-- Input data follows --

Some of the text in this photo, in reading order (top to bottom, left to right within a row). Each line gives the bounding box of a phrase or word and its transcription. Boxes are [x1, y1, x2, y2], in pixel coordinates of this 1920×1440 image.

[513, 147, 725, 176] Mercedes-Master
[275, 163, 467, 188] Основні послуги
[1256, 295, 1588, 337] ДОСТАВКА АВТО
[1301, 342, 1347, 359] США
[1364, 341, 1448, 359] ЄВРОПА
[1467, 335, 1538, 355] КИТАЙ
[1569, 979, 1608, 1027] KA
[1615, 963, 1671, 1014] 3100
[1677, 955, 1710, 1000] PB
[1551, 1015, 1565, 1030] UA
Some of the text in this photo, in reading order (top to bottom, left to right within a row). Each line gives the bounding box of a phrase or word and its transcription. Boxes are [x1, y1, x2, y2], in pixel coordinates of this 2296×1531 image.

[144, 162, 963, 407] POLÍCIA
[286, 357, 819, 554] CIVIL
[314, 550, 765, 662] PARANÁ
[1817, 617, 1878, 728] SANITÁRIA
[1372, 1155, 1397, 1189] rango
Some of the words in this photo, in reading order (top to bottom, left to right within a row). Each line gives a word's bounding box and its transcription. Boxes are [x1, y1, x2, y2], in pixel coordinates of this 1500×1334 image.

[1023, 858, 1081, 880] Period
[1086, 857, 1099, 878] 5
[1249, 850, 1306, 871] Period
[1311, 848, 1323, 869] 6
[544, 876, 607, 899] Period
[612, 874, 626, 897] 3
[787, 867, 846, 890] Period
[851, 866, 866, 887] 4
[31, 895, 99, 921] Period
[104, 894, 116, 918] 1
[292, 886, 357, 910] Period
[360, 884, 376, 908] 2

-- Input data concluded --

◆ **Your assignment**
Write out the whole listing above, keeping each line exactly as it is.

◆ **Task result**
Some of the text in this photo, in reading order (top to bottom, left to right within a row). Each line gives the bounding box of a phrase or word and its transcription. Boxes are [x1, y1, x2, y2], in pixel coordinates of this 1920×1440 image.

[513, 147, 725, 176] Mercedes-Master
[275, 163, 467, 188] Основні послуги
[1256, 295, 1588, 337] ДОСТАВКА АВТО
[1301, 342, 1347, 359] США
[1364, 341, 1448, 359] ЄВРОПА
[1467, 335, 1538, 355] КИТАЙ
[1569, 979, 1608, 1027] KA
[1615, 963, 1671, 1014] 3100
[1677, 955, 1710, 1000] PB
[1551, 1015, 1565, 1030] UA
Some of the text in this photo, in reading order (top to bottom, left to right within a row). Each line gives the bounding box of a phrase or word and its transcription. Boxes are [x1, y1, x2, y2], in pixel coordinates of this 2296×1531 image.

[144, 162, 963, 407] POLÍCIA
[286, 357, 819, 554] CIVIL
[314, 550, 765, 662] PARANÁ
[1817, 617, 1878, 728] SANITÁRIA
[1372, 1155, 1397, 1189] rango
Some of the words in this photo, in reading order (top to bottom, left to right within a row). Each line gives a word's bounding box and its transcription. Boxes are [x1, y1, x2, y2], in pixel coordinates of this 1500×1334 image.

[1023, 858, 1081, 880] Period
[1086, 857, 1099, 878] 5
[1249, 850, 1306, 871] Period
[1311, 848, 1323, 869] 6
[544, 876, 607, 899] Period
[612, 874, 626, 897] 3
[787, 867, 846, 890] Period
[851, 866, 866, 887] 4
[31, 895, 99, 921] Period
[104, 894, 116, 918] 1
[292, 886, 357, 910] Period
[360, 884, 376, 908] 2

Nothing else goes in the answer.